In this module, you learned about the medical education system and
requirements of licensing. As you can imagine, the competency of
medical professionals is very important. Issues can arise when medical
personnel do not meet the minimum requirements for a position. An
awareness of the competency dilemmas that can occur in a professional
career can limit the damage that can arise from them.
Increasing public demand for protection, coupled with the growth in
the number and sophistication of fraudulent practitioners over the past
2 decades, has resulted in stronger and more complex licensing boards
and licensing statutes throughout the country. Examples of medical
misconduct include, but are not limited to:
- practicing as a healthcare professional fraudulently
- practicing with gross incompetence or medical negligence
- practicing while impaired by alcohol, drugs, physical or mental disability
- being convicted of a crime
Read the case scenarios below and in a 1-2 page paper, written in APA format, address the items below for each scenario:
- Explain the incompetency of the health care professional (if any).
- Explain a possible solution to address the area of
incompetency, such as reporting the behavior to a supervisor, etc.
Case Scenario 1: Educational Concerns
You are a nurse working in a local hospital with a physician
for over a year. The hospital decides to add physician biographies
to the hospital's website. The physician has not been proactive in
renewing her medical license or participating in continuing medical
education (CME). The physician's supervisor has asked her to submit a
copy of her license and CMEs but the physician has not yet complied.
During lunch one day, the physician mentioned to you that she did
not have a current medical license or continuing education credits,
but she was practicing medicine anyway. She told you that getting a
current license was not her priority at the time, and that she would
get it in the future. She stated that she was going to continue to
see her patients, even though she was not licensed to do so.
Case Scenario 2: Medical Malpractice
You are an ER nurse and have been assigned to a patient who
has just walked in. The patient presents with a broken arm and is
bleeding profusely. The doctor on call mentions to you that he is not
skilled in addressing broken arms and does not know what to do.

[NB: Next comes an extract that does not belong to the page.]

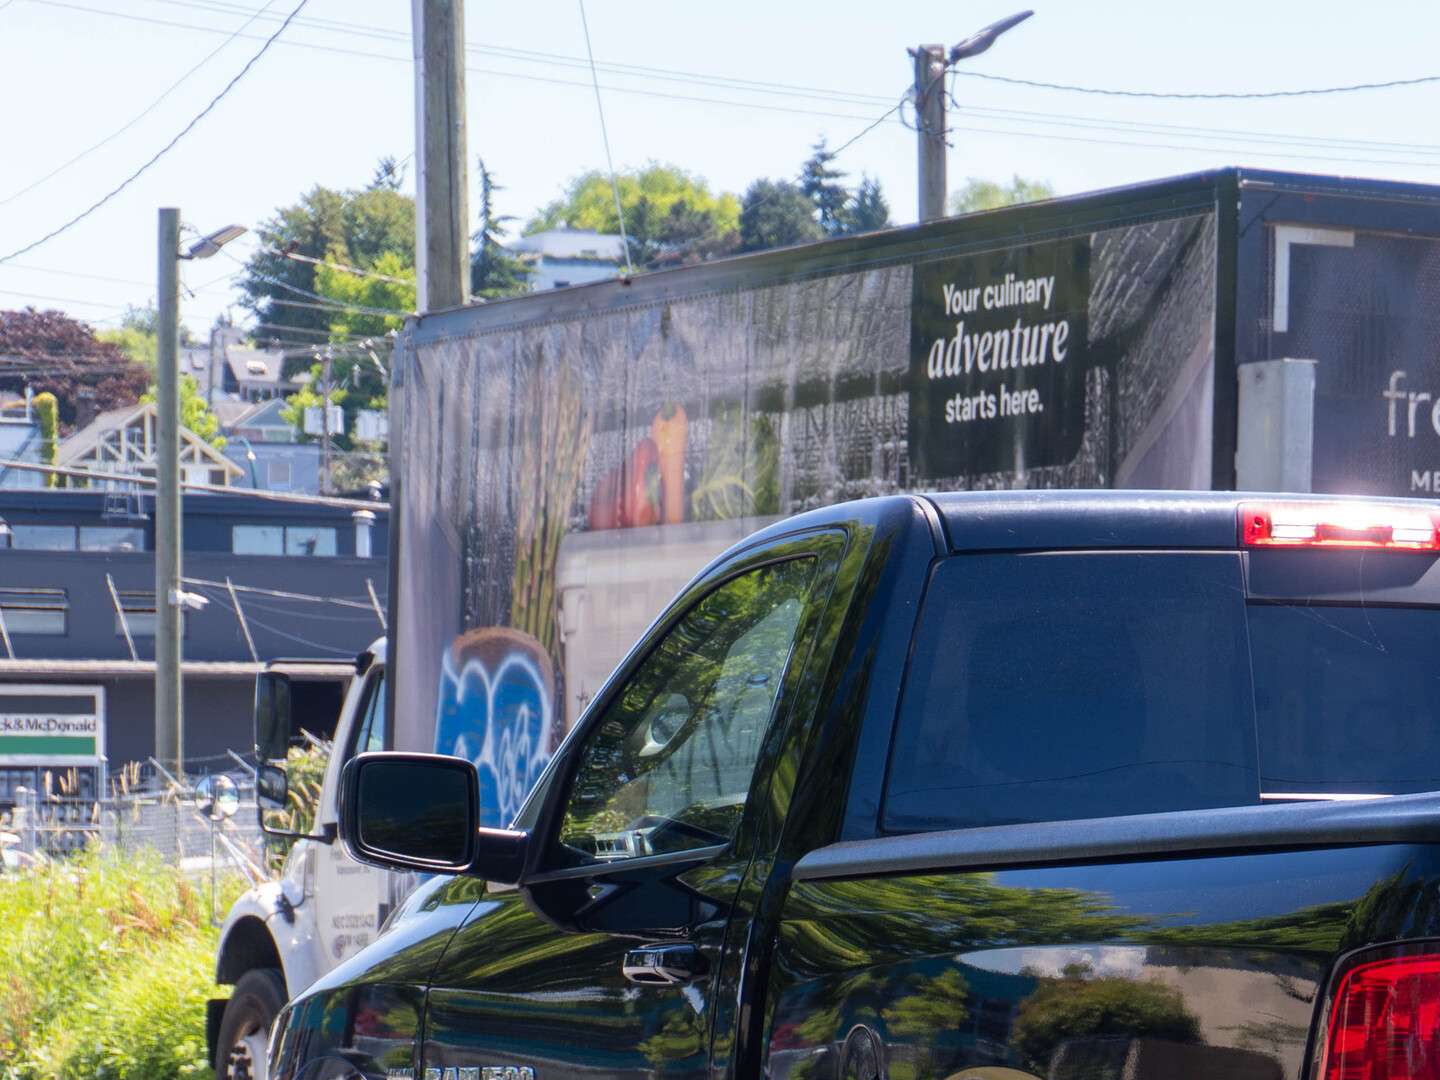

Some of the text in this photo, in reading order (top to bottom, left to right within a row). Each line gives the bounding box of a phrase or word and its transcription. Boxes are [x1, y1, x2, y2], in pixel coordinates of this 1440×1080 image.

Instead of calling in another medical professional, he decides to treat
the patient anyway. He leaves the patient in the room for hours while
he looks at medical books and researches broken arms on the
Internet. During this time, you are in the room with the patient
trying to stop the bleeding. When the doctor finally comes into the
room to see the patient, he immediately grabs the arm without
stabilizing it. The physician does not order x-rays or additional
tests, but instead decides to put a cast on the arm and send the
Case Scenario 3: Theft from a Patient
You work in an outpatient clinic with a nurse named Mary.
You have noticed that every time you work with Mary, the patients who
are receiving treatment (or their families) report that something
valuable is missing from their room. These missing items include
patient money, property, medicine, or other items of sentimental
value. One day you received a complaint from a patient who could not
find her wedding ring. She described key features of the wedding ring
to you, and you took notes to file in a report. During your shift
the next day, you noticed that Mary had on a new ring. In fact, it
looked exactly like the ring the patient described to you the
previous day. When you asked Mary about the ring, she blushed and became
hesitant when answering your questions. Since you have no proof, you
shrug off the event and go on with your day.
The next day, you are taking the vitals of a patient who is
about to have surgery. The patient is sleeping soundly while you are
taking their vitals. You notice a necklace and ring lying on the table
next to the patient. You exit the room, and Mary immediately enters
the room after you (you wave to her as you pass by). As you sit down
at your desk, you notice that you left something in the patient's
room. You immediately go back in to retrieve it, and you bump into
Mary exiting the room. You grab what you went in the room for and
while doing so, you glance over again at the table next to the
patient. The necklace and ring you saw there earlier are gone. You
glance at the patient, who is still asleep, and exit the room.